Drop the pictures from the entries below, then reproduce the rest exactly.

┏━━

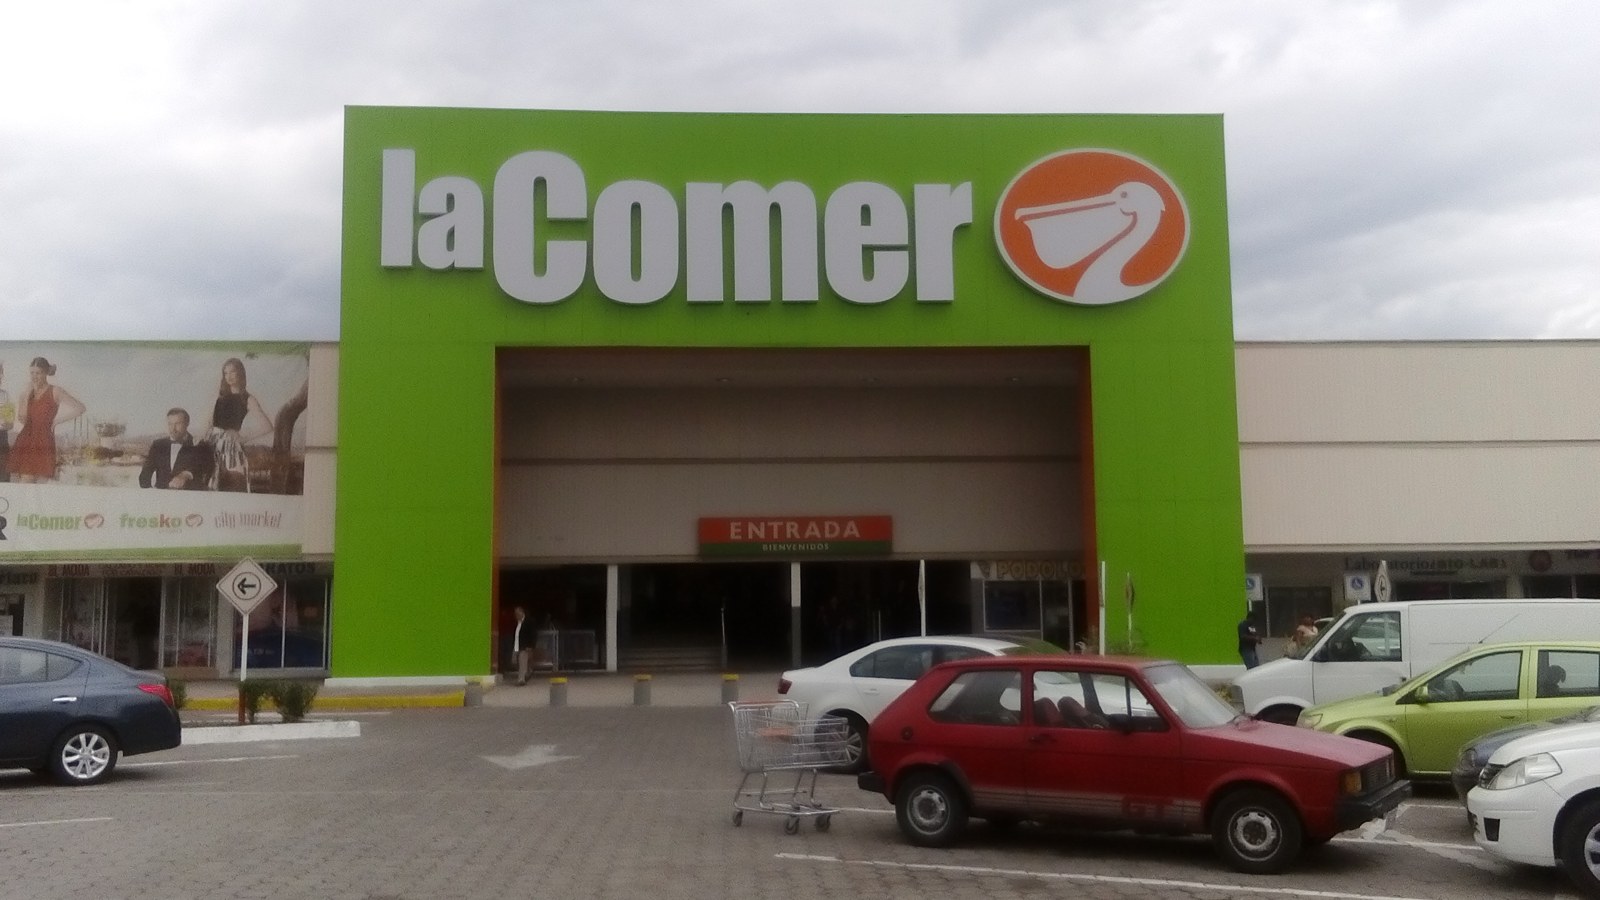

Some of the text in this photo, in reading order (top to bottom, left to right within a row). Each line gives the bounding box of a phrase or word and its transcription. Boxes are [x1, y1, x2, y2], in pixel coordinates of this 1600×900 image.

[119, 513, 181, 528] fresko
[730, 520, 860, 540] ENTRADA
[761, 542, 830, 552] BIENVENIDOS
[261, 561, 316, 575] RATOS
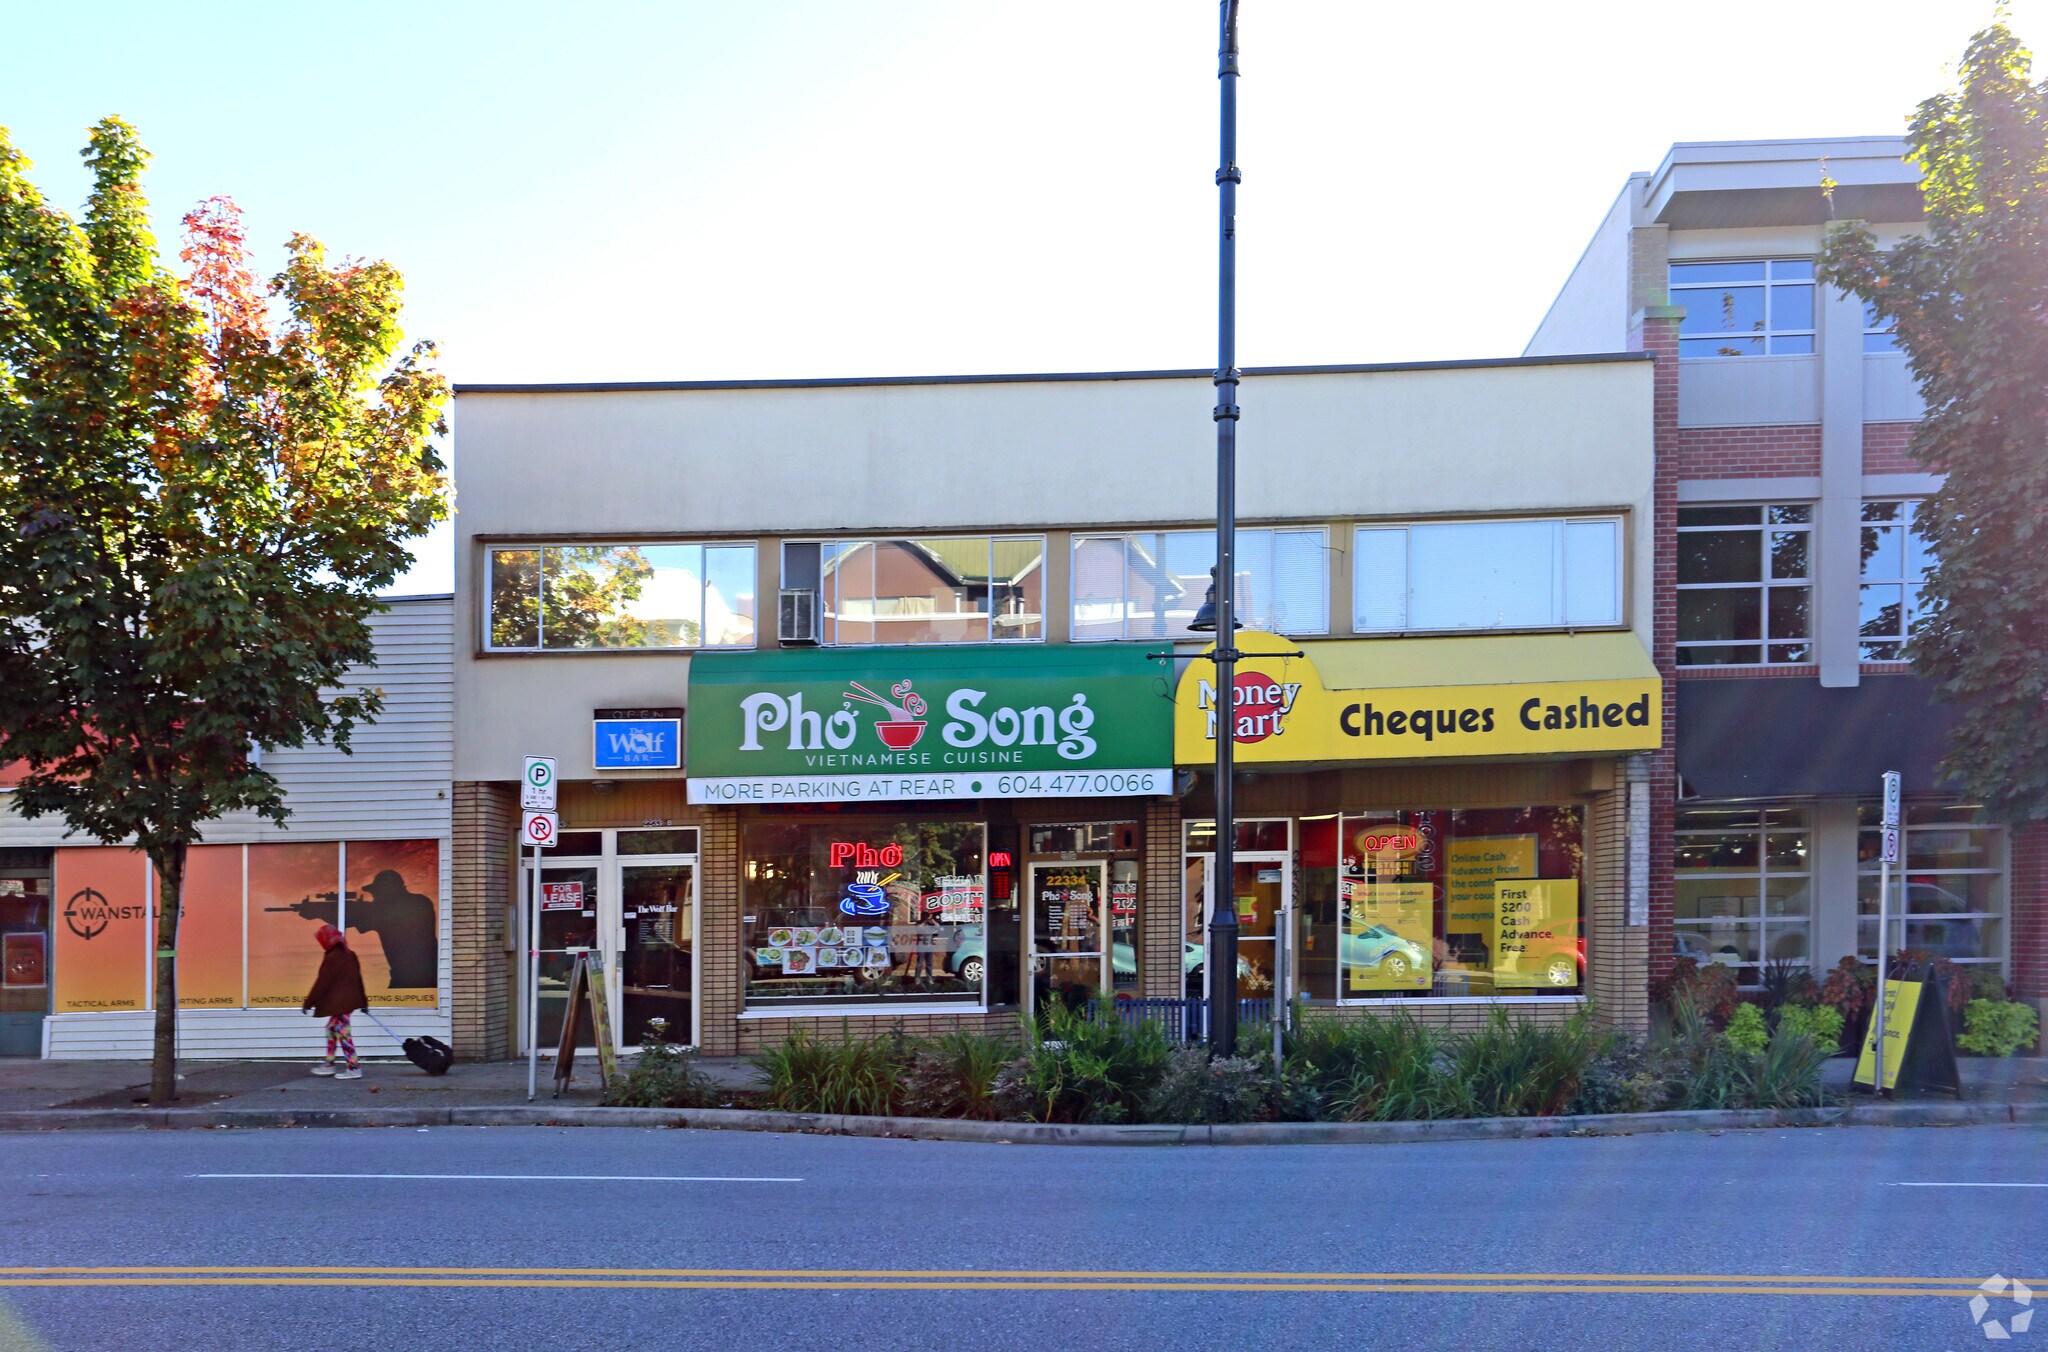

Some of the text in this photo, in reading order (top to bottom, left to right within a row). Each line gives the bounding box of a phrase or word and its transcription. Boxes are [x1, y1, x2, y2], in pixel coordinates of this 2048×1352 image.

┗━━

● **Problem solution**:
Some of the text in this photo, in reading order (top to bottom, left to right within a row). Each line gives the bounding box of a phrase or word and its transcription. Boxes are [x1, y1, x2, y2], in pixel coordinates of this 1600×900 image.

[119, 513, 181, 528] fresko
[730, 520, 860, 540] ENTRADA
[761, 542, 830, 552] BIENVENIDOS
[261, 561, 316, 575] RATOS

Some of the text in this photo, in reading order (top to bottom, left to right within a row). Each line gives the bounding box of a phrase or word and its transcription. Boxes are [x1, y1, x2, y2], in pixel coordinates of this 2048×1352 image.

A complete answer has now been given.